The Frederic C. Hamilton Building houses the museum's Modern and Contemporary Art, African Art and Oceanic Art collections, along with part of the Western American art collection and special exhibition spaces. Designed as a joint venture by Studio Daniel Libeskind and Denver firm Davis Partnership Architects (architect of record), the glass and titanium- clad building opened on October 7, 2006. Recognized by the American Institute of Architects as a successful Building Information Modeling project, the Hamilton Building is Libeskind's first completed building in the United States.
Recognized for its bold design, the four-story, 146,000 square foot, the Hamilton building serves as the main entrance to the rest of the museum complex. This project doubled the size of the museum, allowing for an expansion of the art on view.

The angular design of the Hamilton building juts in many directions, supported by a 2,740-ton structure that contains more than 3,100 pieces of steel. One of the angled elements extends 167 feet over and 100 feet above the street below. None of the 20 planes is parallel or perpendicular to another.

Similar to the many-peaked roof of the Denver International Airport, the Hamilton Building emulates the sharp angles of the nearby Rocky Mountains, as well as the geometric crystals found at the mountains' base near Denver.
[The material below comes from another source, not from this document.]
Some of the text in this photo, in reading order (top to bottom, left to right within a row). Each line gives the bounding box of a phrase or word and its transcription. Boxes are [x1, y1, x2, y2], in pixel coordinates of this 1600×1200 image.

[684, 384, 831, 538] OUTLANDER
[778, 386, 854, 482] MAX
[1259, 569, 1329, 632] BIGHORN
Architect Daniel Libeskind said, "I was inspired by the light and geology of the Rockies, but most of all by the wide-open faces of the people of Denver."

- Context
Regarding the design concept, Libeskind commented, "The project is not designed as a standalone building but as part of a composition of public spaces, monuments and gateways in this developing part of the city, contributing to the synergy amongst neighbors large and intimate."
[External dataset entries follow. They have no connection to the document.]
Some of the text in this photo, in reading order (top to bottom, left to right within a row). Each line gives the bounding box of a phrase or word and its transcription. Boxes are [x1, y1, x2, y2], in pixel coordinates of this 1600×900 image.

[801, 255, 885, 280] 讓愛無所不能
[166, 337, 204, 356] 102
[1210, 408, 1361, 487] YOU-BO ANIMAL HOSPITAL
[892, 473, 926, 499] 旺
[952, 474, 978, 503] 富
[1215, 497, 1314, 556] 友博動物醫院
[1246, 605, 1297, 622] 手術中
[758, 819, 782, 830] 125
Libeskind designed a landscaped pedestrian plaza for the DAM complex. Sculptures on display include 'Scottish Angus Cow and Calf' by Dan Ostermiller, 'Big Sweep' by Coosje van Bruggen and Claes Oldenburg, and 'Denver Monoliths' by Beverly Pepper.

- Awards
Due to the distinct configuration of the steel to produce the building, the Hamilton Building expansion of the DAM received a Presidential Award of Excellence from the American Institute of Steel Construction—AISC’s 2007 Innovative Design in Engineering and Architecture with Structural Steel (IDEAS^{2}) Awards competition.

- Architectural reviews
The design of the Hamilton extension of DAM has received mixed reviews. Christopher Hawthorne, architecture critic for the Los Angeles Times, said the architectural achievement of the building does not mean it works well as a museum. He called the Hamilton Building "a stunning piece of architectural sculpture," but "a pretty terrible place for showing and looking at art." "Museum architecture does not always blend cohesively with a great architectural achievement."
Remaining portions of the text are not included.